‘My father died,’ she accused. ‘Six months ago.’
‘I was afraid of knowing that,’ Ti-Loup said.
‘He had a heart attack not long after Ti-Christophe – not long after you left, and then he had a stroke and he never got well again.’
They clutched at each other then. They held each other.
This was Manhattan. Nobody stopped to stare. Nobody even noticed.
‘Vanderbilt?’ Cabot asked. ‘Everything okay?’
Cap and Ti-Loup floated up from a very deep and dark place to find themselves alarmingly exposed to hundreds of people on the corner of Fifth Avenue and East 72nd. They blinked, dazed, as miners do when emerging from the shaft.
‘You left in such a rush,’ Cabot said, ‘I was sure you must have had devastating news. Are you okay?’
‘Sure,’ Vanderbilt said. ‘I’m fine. Just caught off guard by a visitor from France. Unexpected.’
‘And who is this gorgeous French woman?’ Cabot asked.
‘Ah, monsieur,’ Cap said, ‘comme vous êtes gentil! Je m’apelle Lilith Goldberg. Je suis une amie d’enfance.’
‘Translate for me, Vanderbilt. I don’t know any French.’
‘She’s a childhood friend,’ Vanderbilt said. ‘We grew up in the same village. Her name’s … uh … She told you her name. She does speak English.’
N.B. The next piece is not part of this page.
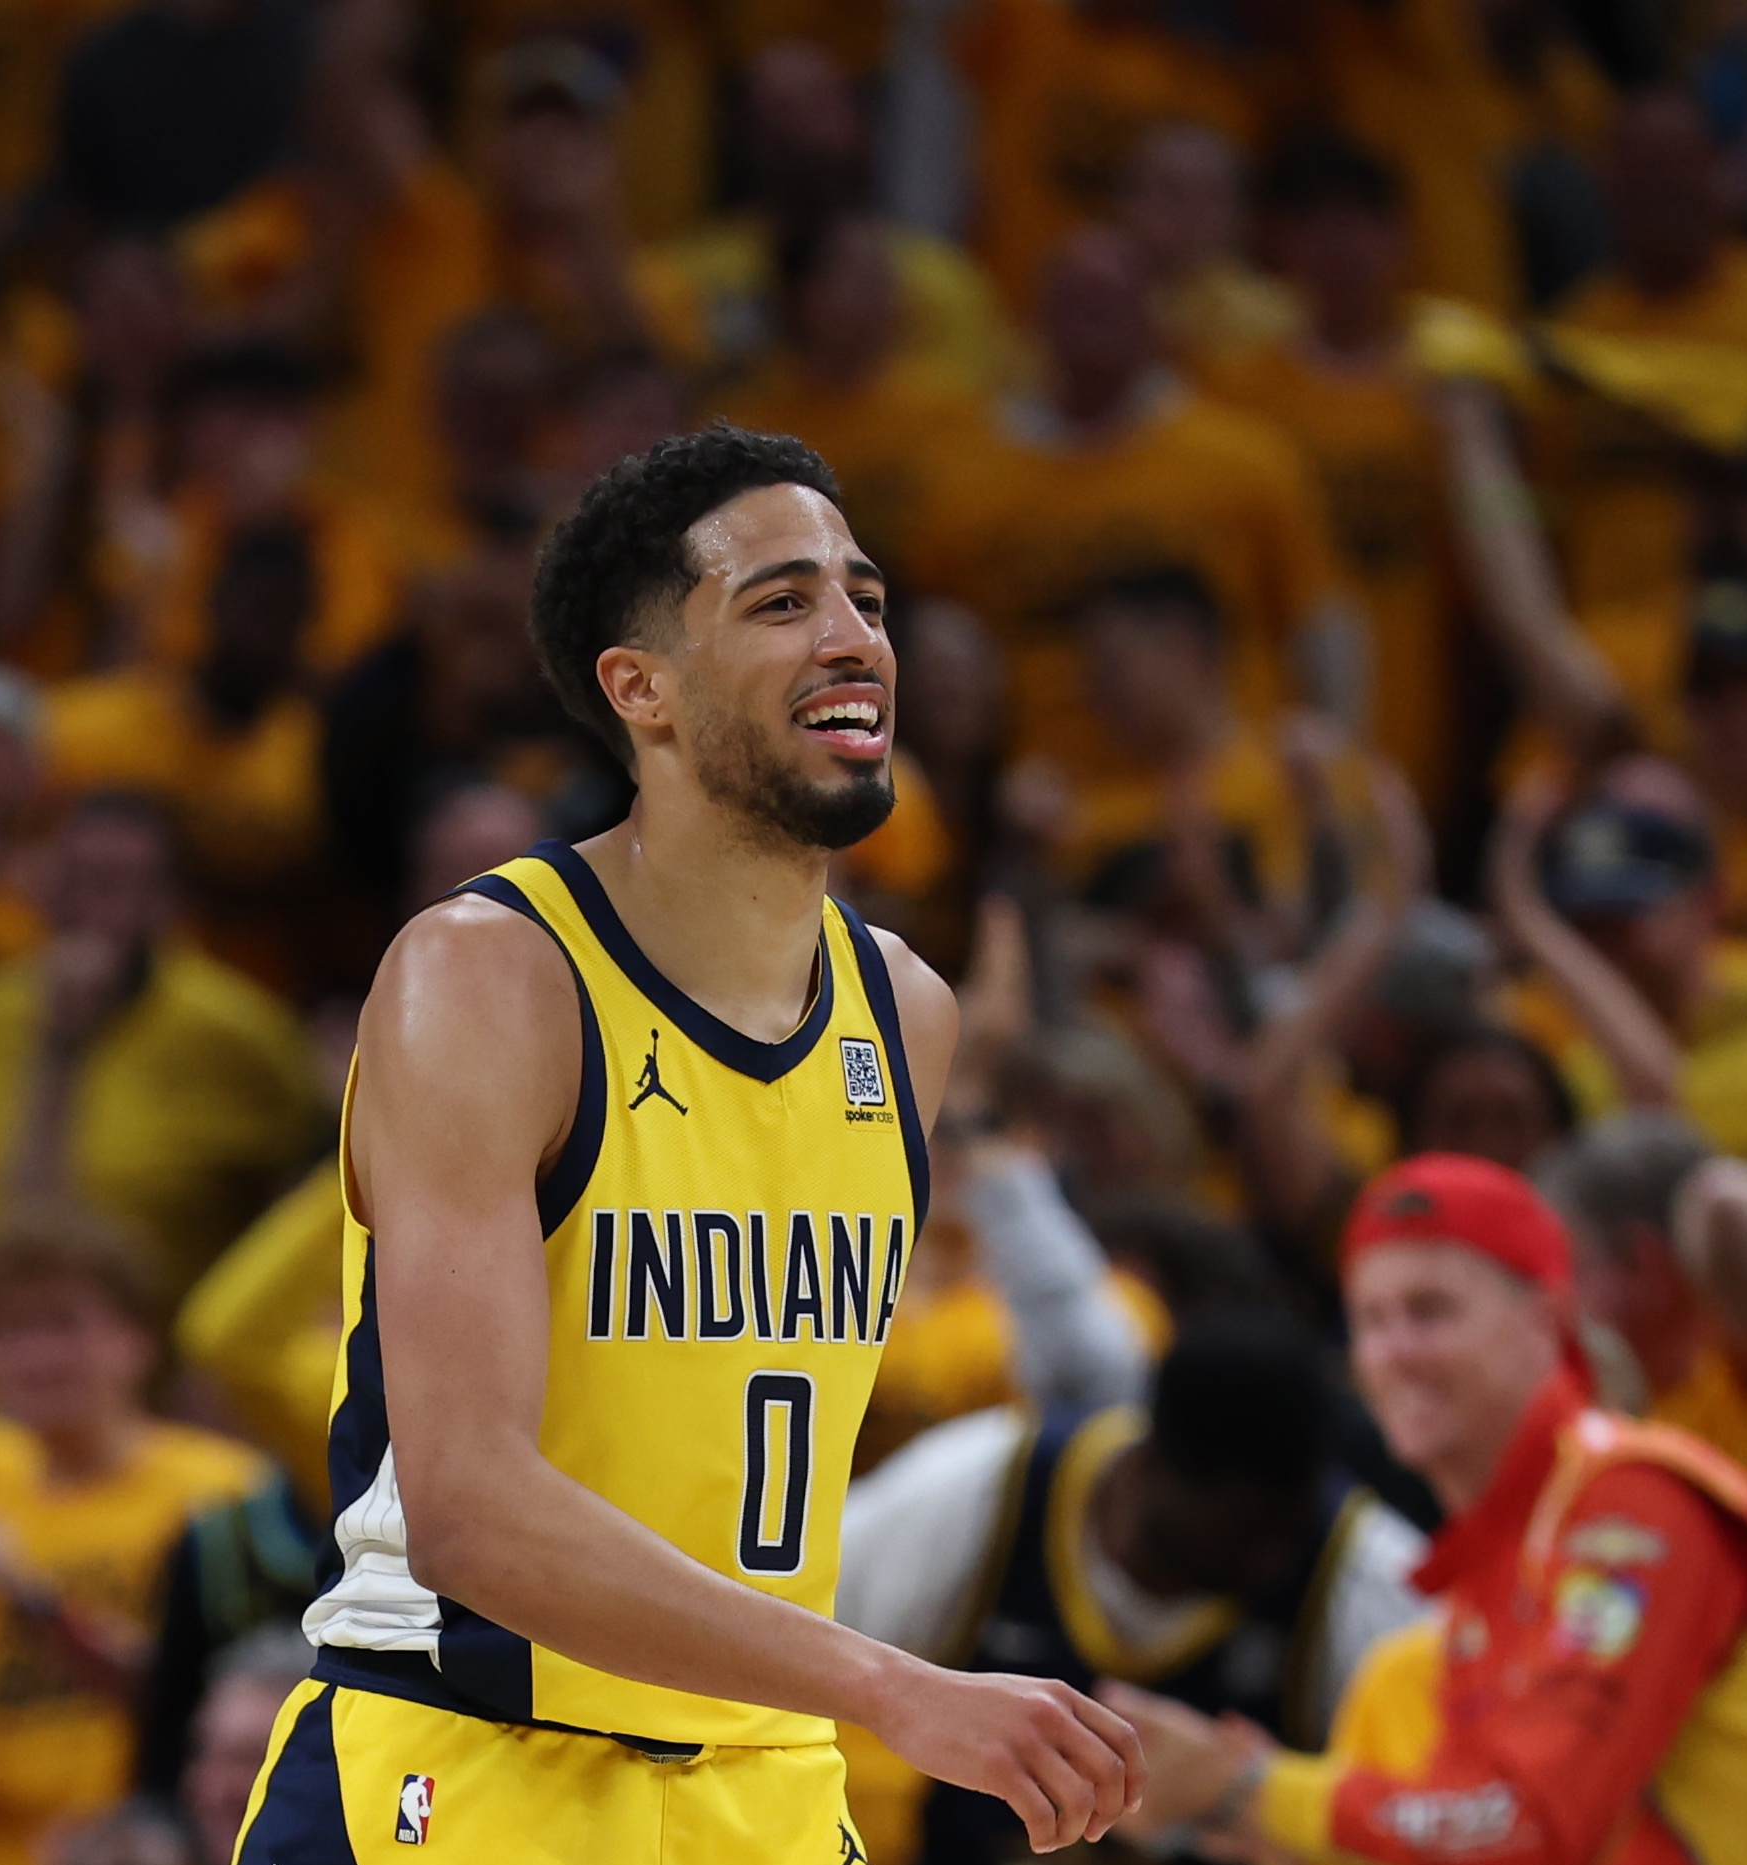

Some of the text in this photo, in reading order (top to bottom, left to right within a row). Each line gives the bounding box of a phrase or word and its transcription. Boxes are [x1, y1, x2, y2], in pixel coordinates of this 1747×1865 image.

‘My name’s Lilith Goldberg,’ Cap said.
‘Well in that case,’ Cabot responded, taking Cap’s hand with an only slightly sardonic mock-Gallic flourish and kissing her fingers, ‘what are you doing here in New York, Lilith Goldberg?’
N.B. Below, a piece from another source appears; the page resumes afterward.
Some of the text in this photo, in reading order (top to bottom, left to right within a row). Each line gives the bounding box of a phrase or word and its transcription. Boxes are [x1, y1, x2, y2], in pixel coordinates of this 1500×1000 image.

‘I’ll be a student at NYU in the fall,’ Lilith said. ‘Art history. And you are?’
‘I’m Cabot. I was at Dryden with Vanderbilt. I gather this is an emotional reunion. I don’t know Manhattan well, but I do know that one of the places to celebrate is the Loeb Boathouse in the park. Can I treat you both to champagne? I’ve just had great news myself. I’ve got advance acceptance at Columbia for my PhD. Mind you, I haven’t given my response yet. I’d prefer to stay at MIT if I can.’
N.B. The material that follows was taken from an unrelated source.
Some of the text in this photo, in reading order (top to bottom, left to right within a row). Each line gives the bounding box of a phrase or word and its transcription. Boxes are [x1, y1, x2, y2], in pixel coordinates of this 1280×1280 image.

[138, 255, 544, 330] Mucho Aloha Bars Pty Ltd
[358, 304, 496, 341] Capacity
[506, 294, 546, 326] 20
‘Congratulations, Cabot,’ Vanderbilt said. ‘That’s wonderful news. But perhaps we could celebrate tomorrow? My friend and I haven’t seen each other for years and I think perhaps –’
‘I’ve seen the boathouse from the Ramble,’ Lilith said. ‘It looks so beautiful. I’ve never been there but I’d love to.’
‘Settled then,’ Cabot said. ‘Vanderbilt, you can have your private reunion tomorrow.’
‘When I left,’ Lilith explained, ‘after my father’s funeral, your mother gave me the letters you’d sent in those first few weeks. I have finally read them, four years later.’
‘I don’t think I can remember the boy who wrote them,’ Vanderbilt said.
‘I can. But he isn’t you.’
‘It’s not that I’ve forgotten anyone or anything or that St Gilles doesn’t matter. It’s more like – it’s like jumping from a plane with no parachute. I feel panic. I don’t dare go back there, not even inside my head.’
‘It’s okay, Ti-Loup. It’s okay. And I recognise you now. This is how I remember you, the first time you climbed out your window. I was roasting rabbits, remember? And you were shaking with fright.’
‘I told you,’ he said. ‘I am not that boy.’
‘I am not that girl either,’ Lilith replied. She was calm and quiet. She pushed her chair, very slightly, away from the bar.
‘You don’t know me,’ Vanderbilt said.
‘You don’t know me either. Cabot asked me out, by the way. We are having dinner tonight before the concert at Lincoln Center.’
7.
Every week after term began, Lilith Goldberg wrote to la comtesse, and every week she received a reply.
Ma chère marraine, Lilith wrote.
I am on cloud nine. The Met’s collection of seventeenth- and eighteenth-century French paintings and furniture is extraordinary. I spend many hours there every week. I like to imagine you there beside me. Then we would have a glass of wine in the Met lounge and discuss the paintings, especially Philippe de Champaigne’s The Annunciation. It was done at the request of the mother of Louis XIV, for her private chapel. I will never forget that moment when I first heard from you the story of the mother of Louis XIV … I spend hours in front of that painting.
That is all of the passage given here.